(Items listed in a dataset)

○ ○ ○

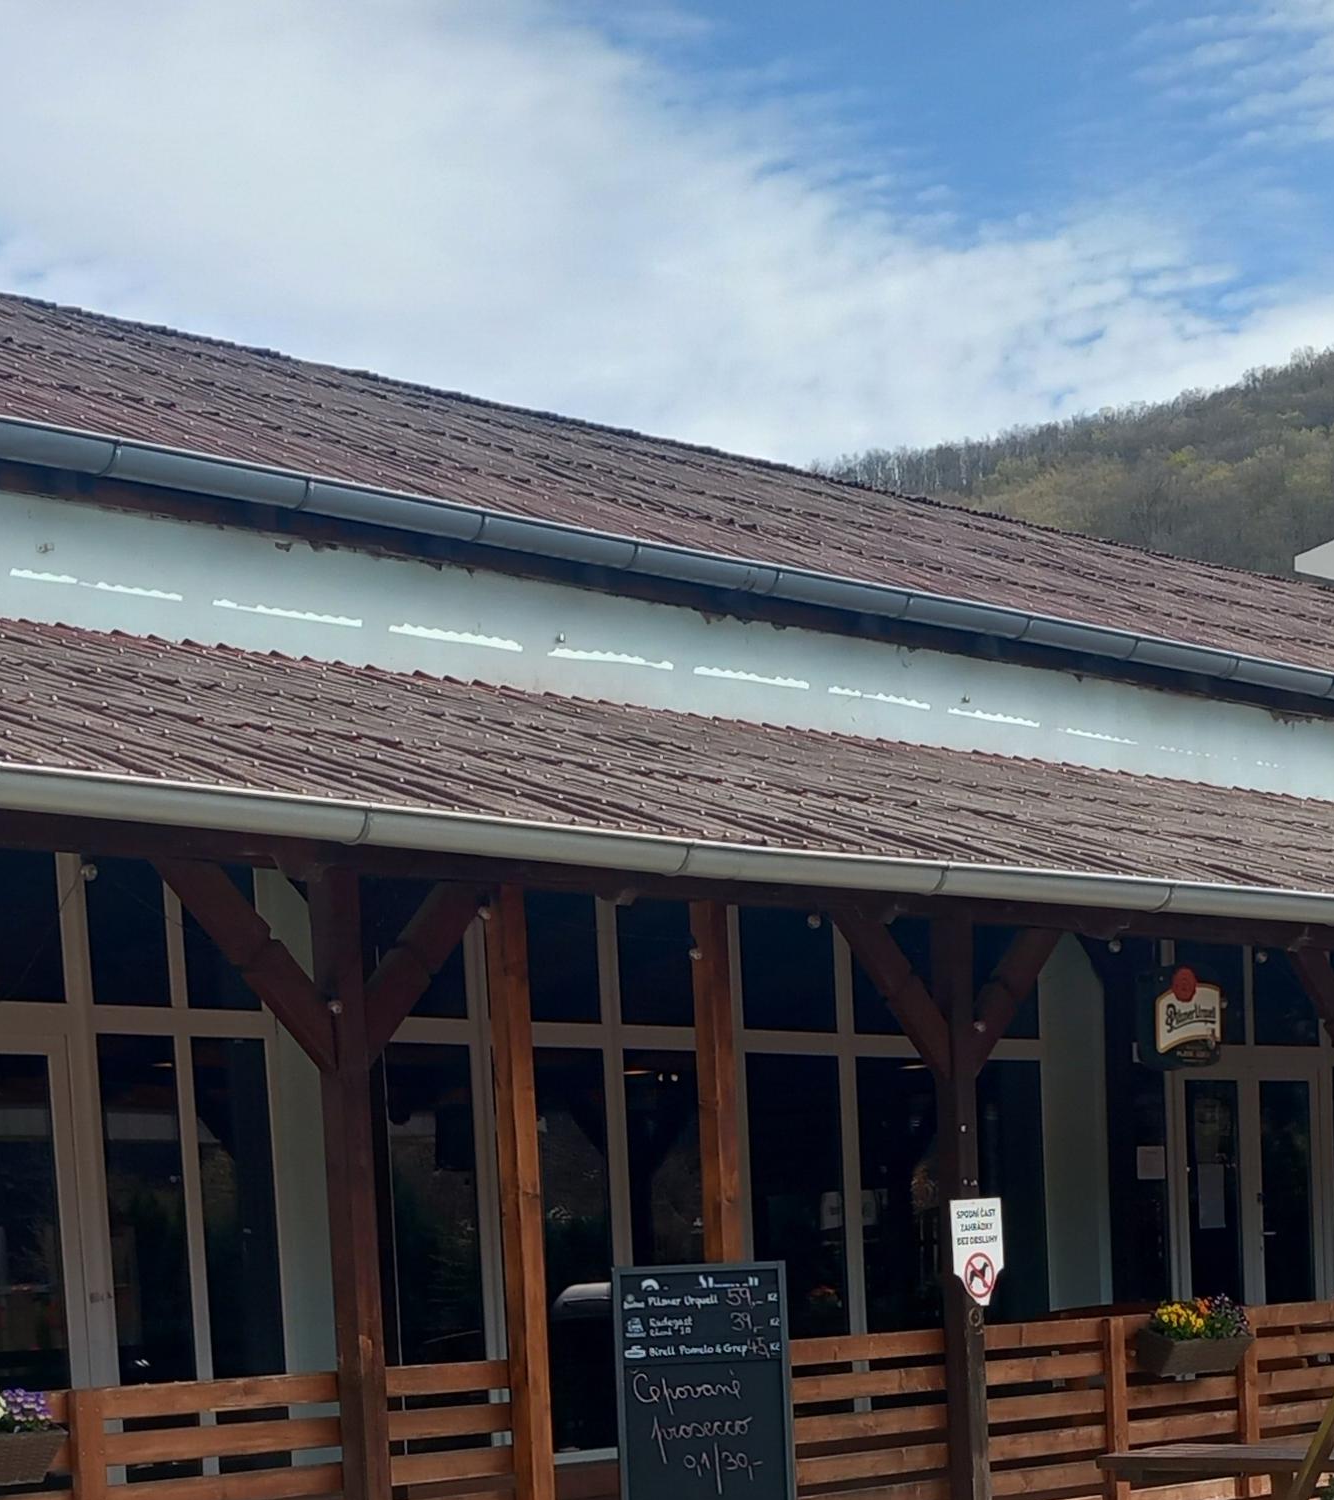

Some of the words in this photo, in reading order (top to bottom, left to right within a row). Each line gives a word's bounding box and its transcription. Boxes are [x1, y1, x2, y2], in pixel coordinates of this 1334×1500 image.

[647, 1296, 682, 1306] Pilsner
[684, 1294, 718, 1310] Urquell
[649, 1345, 675, 1357] Birell
[679, 1344, 714, 1355] Pomelo
[632, 1368, 742, 1415] Čepované
[651, 1415, 752, 1464] prosecco
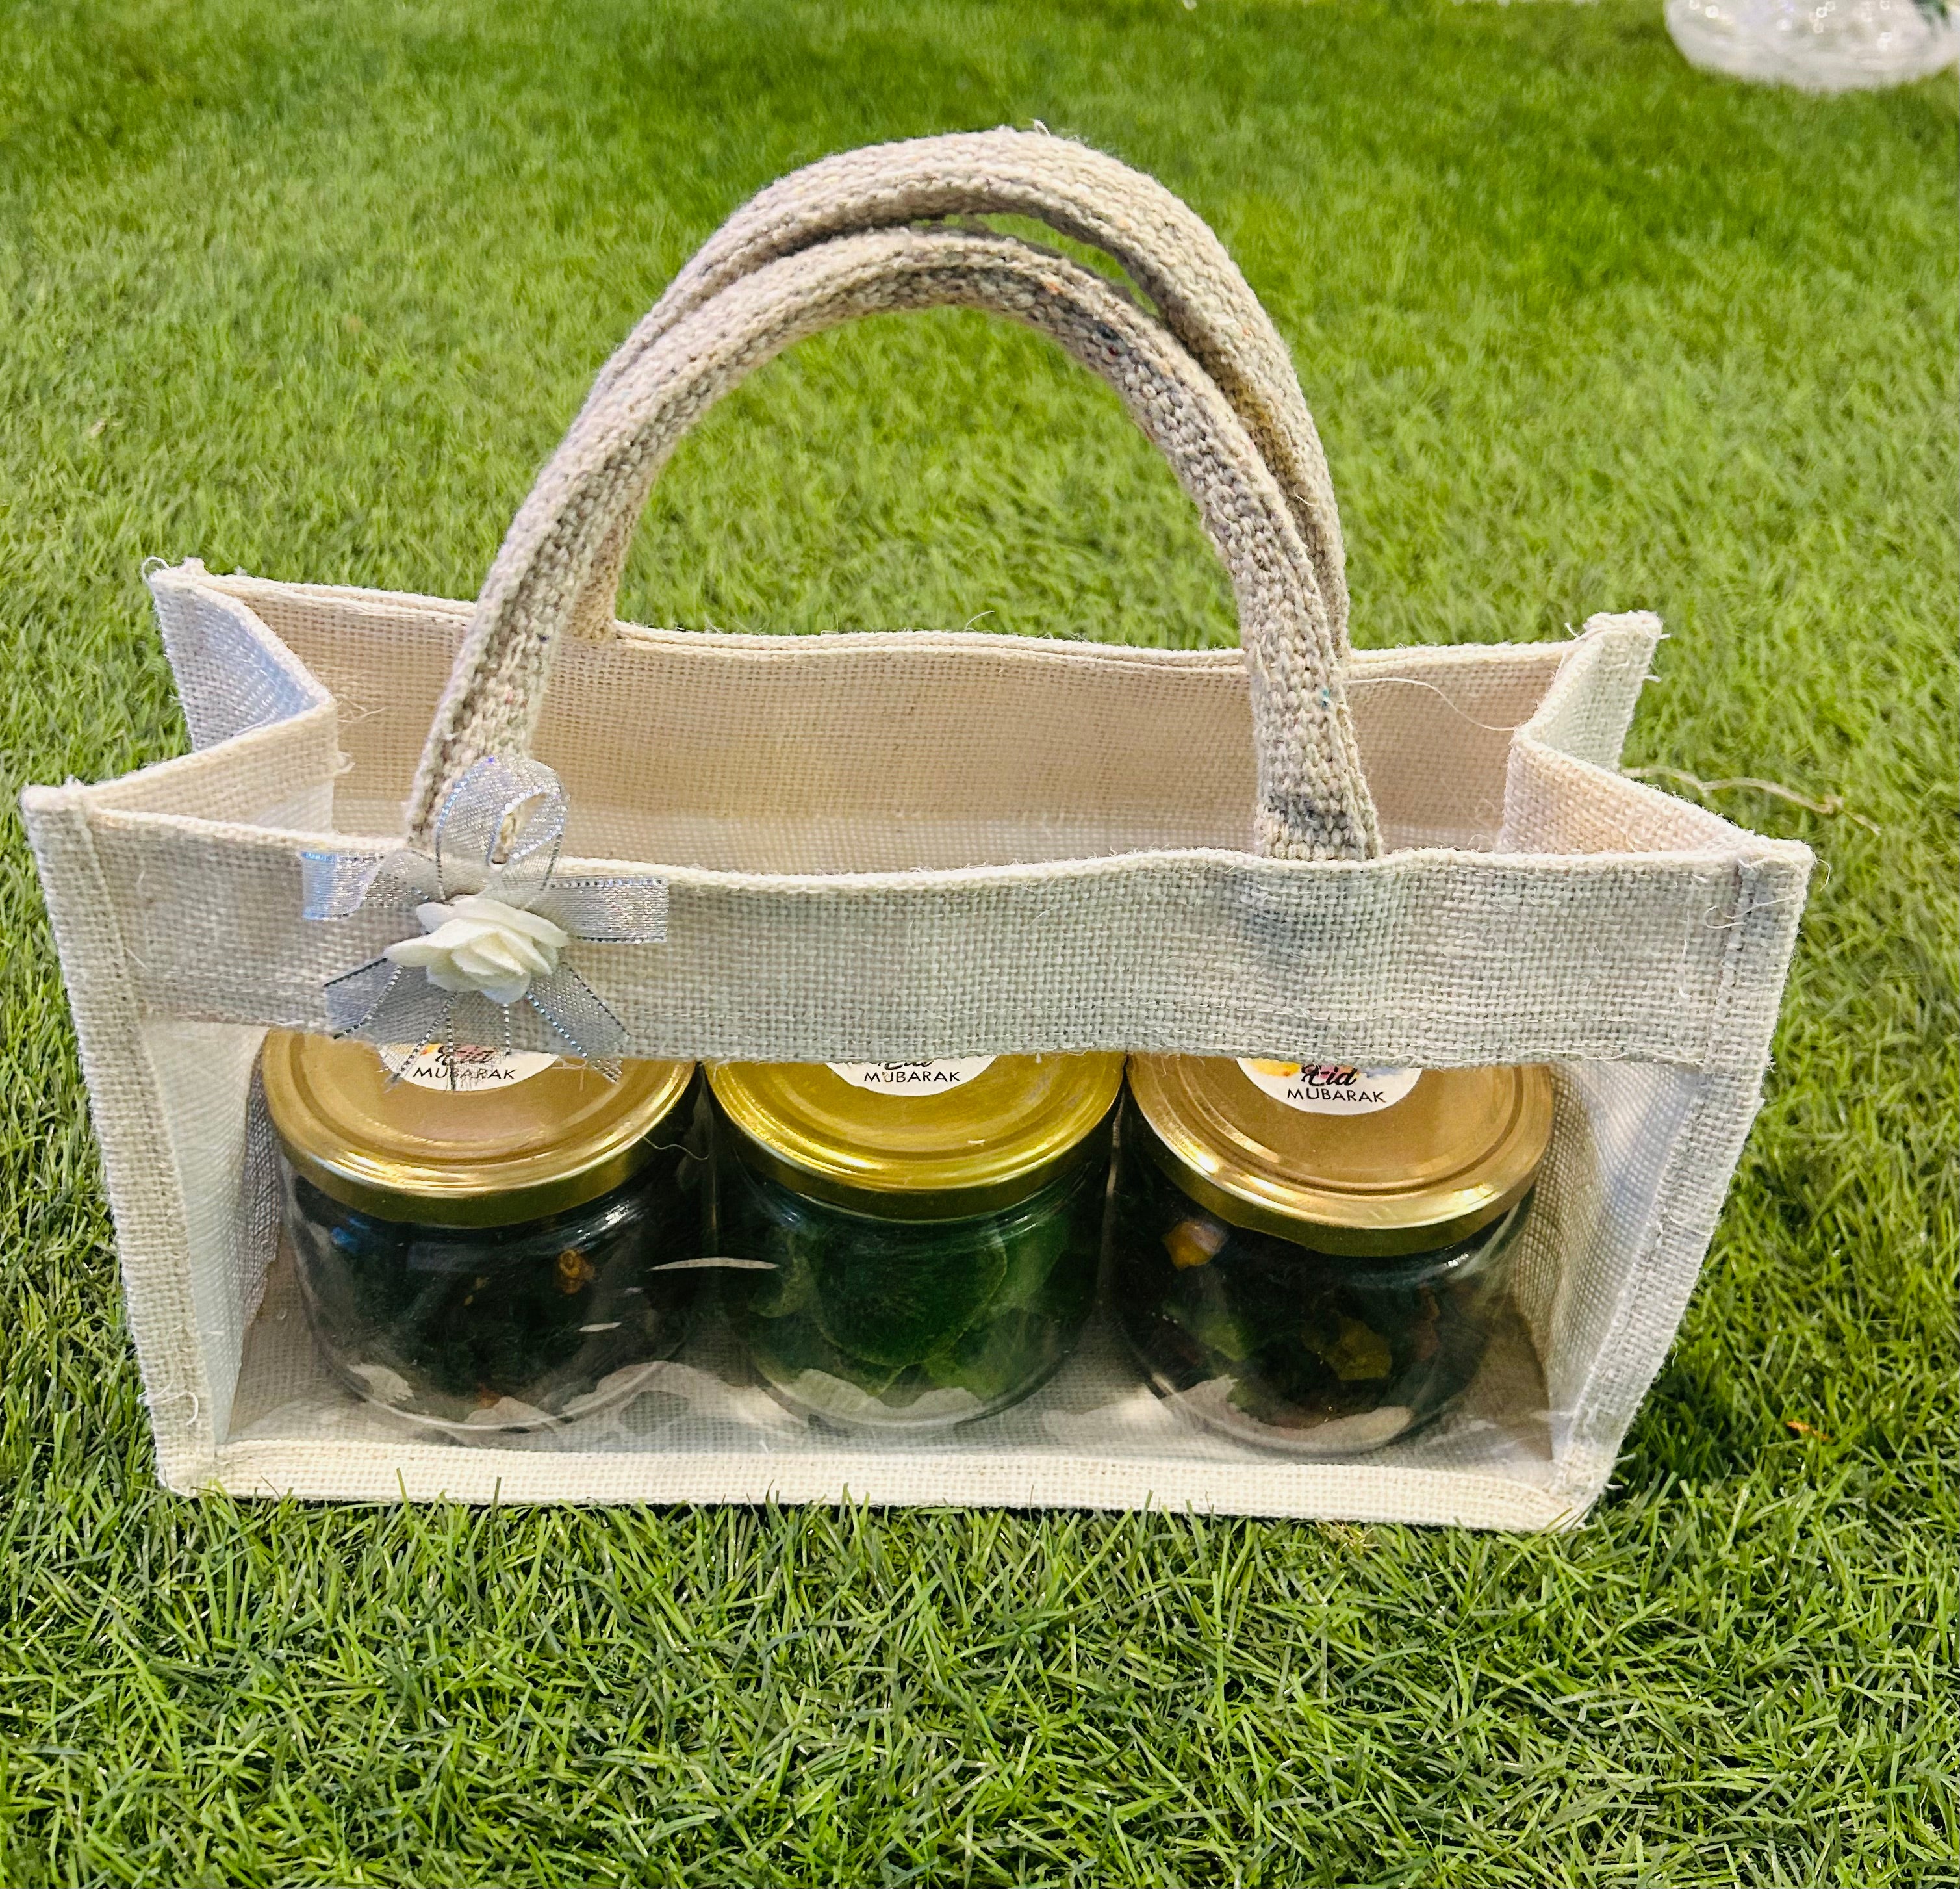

○ ○ ○

The required output is every line of the data above, set down exactly and stripped of pictures.

▶ [Exercise solution]:
Some of the words in this photo, in reading order (top to bottom, left to right within a row). Each line gives a word's bounding box and its transcription. Boxes are [x1, y1, x2, y2], in pixel coordinates of this 1334×1500 image.

[647, 1296, 682, 1306] Pilsner
[684, 1294, 718, 1310] Urquell
[649, 1345, 675, 1357] Birell
[679, 1344, 714, 1355] Pomelo
[632, 1368, 742, 1415] Čepované
[651, 1415, 752, 1464] prosecco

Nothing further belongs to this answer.